Meterik telde en telt veel bedrijven, maar het aantal winkels is drastisch gedaald. In het verleden telde Meterik o.a. bakkers, een slager, schilderswinkels meerdere kruidenierswinkeltjes, een winkel in huishoudelijke artikelen, een fietsenwinkel enz.
Heemkunde Meterik is gestart met het in kaart brengen van de Meterikse middenstand en we streven er naar om de winkeltjes en winkels van voorheen voor het voetlicht te brengen.
Baer Smulders werd 22 september 1919 in Meterik geboren. Hij was de zoon van Joannes Smulders en Maria Wilhelmina Geurts.
Zijn vader, Joannes Smulders was sneejer (kleermaker) en werd sneejer Hannus genoemd.(foto links).

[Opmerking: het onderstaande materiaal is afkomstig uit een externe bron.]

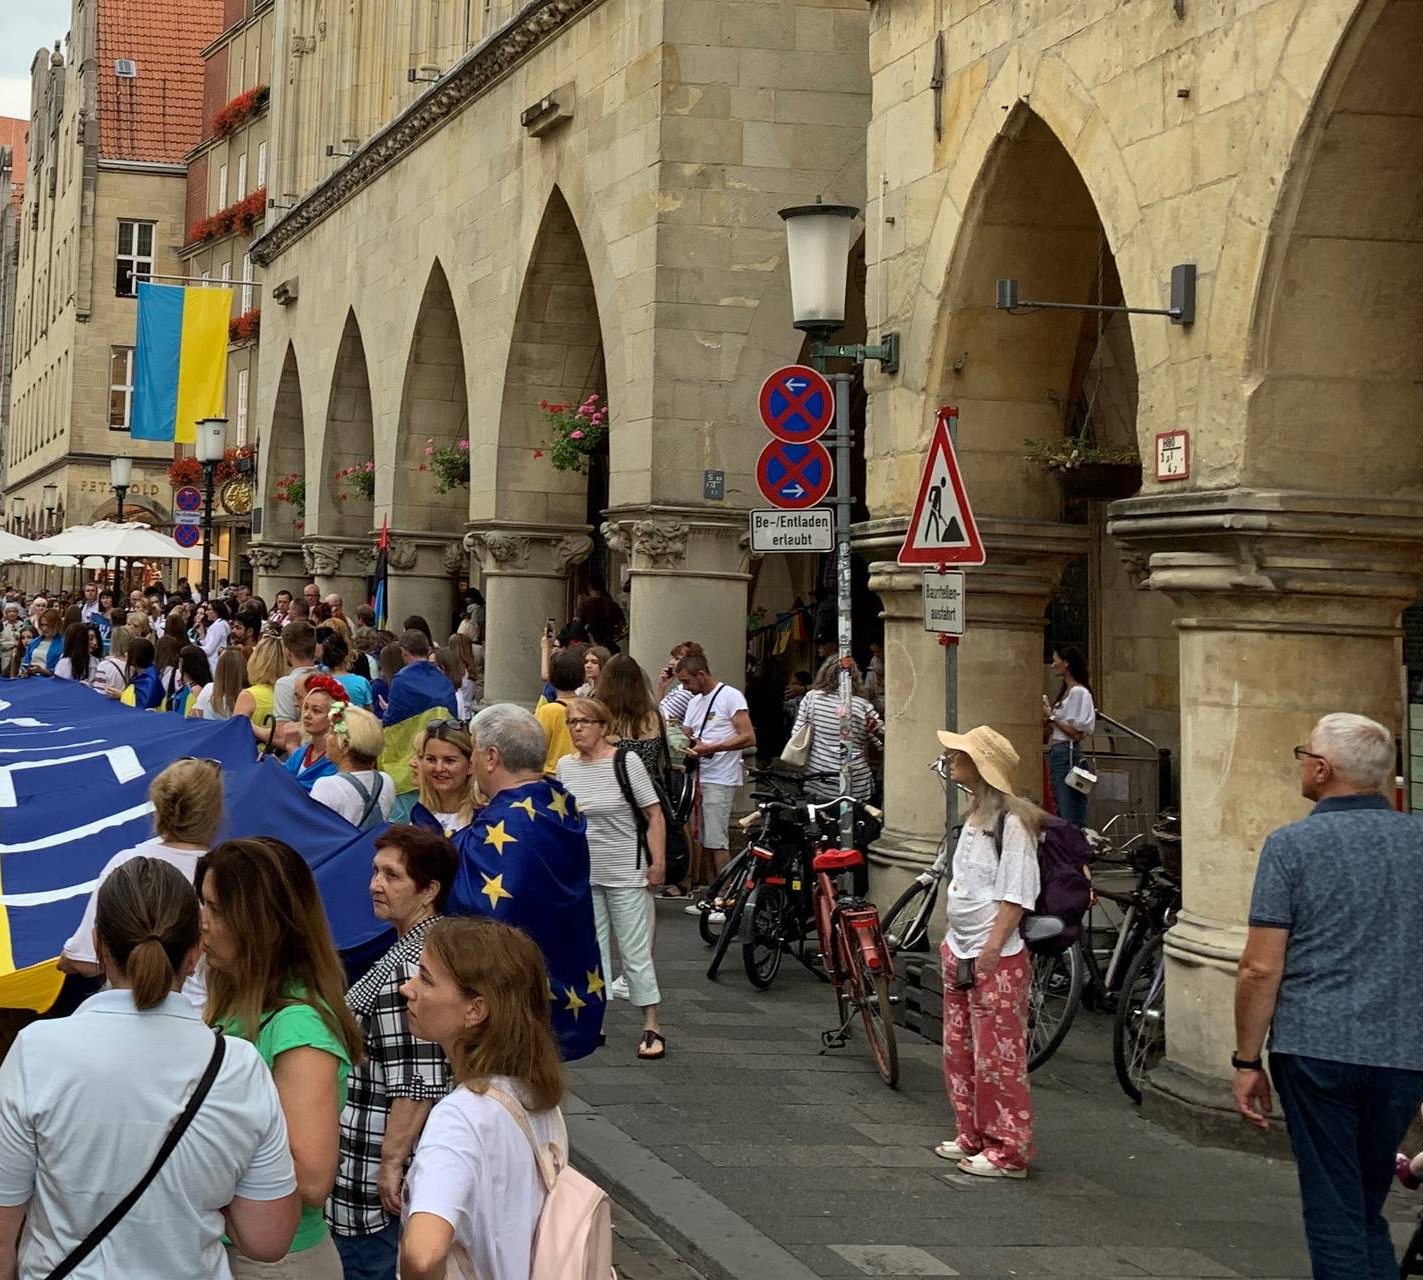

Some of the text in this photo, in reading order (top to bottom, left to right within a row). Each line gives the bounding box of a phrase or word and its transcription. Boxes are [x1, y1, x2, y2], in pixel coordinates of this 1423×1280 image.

[80, 480, 160, 496] PETZOLD
[755, 515, 829, 529] Be-/Entladen
[772, 533, 813, 546] erlaubt

Het geboortehuis van Hannus was het Smuldershuis op ‘het molengat’. Voordat hij trouwde met Wilhelmina Geurts bouwde hij in Meterik onderstaand huis. Zoon Bêr werd ook sneejer en samen met zijn broer Piet en vader Hannus werkten ze vanuit hun ouderlijk huis aan de Meteriksebaan; later veranderde de straatnaam in Crommetuynstraat.
Baer is sneejer gebleven, broer Piet niet, hij is administratief werk gaan doen.
Op de foto het huis aan de Meteriksebaan/Crommentuynstraat waar Sneejer Hannus met zijn vrouw en kinderen woonde.
Van links naar rechts op de foto staan de kinderen An, Dien, Sjeng, Piet en Ber (Piet staat achter Ber) en vader Hannes. Tegenwoordig is het huis opgedeeld in Crommentuynstraat 11 en 11a.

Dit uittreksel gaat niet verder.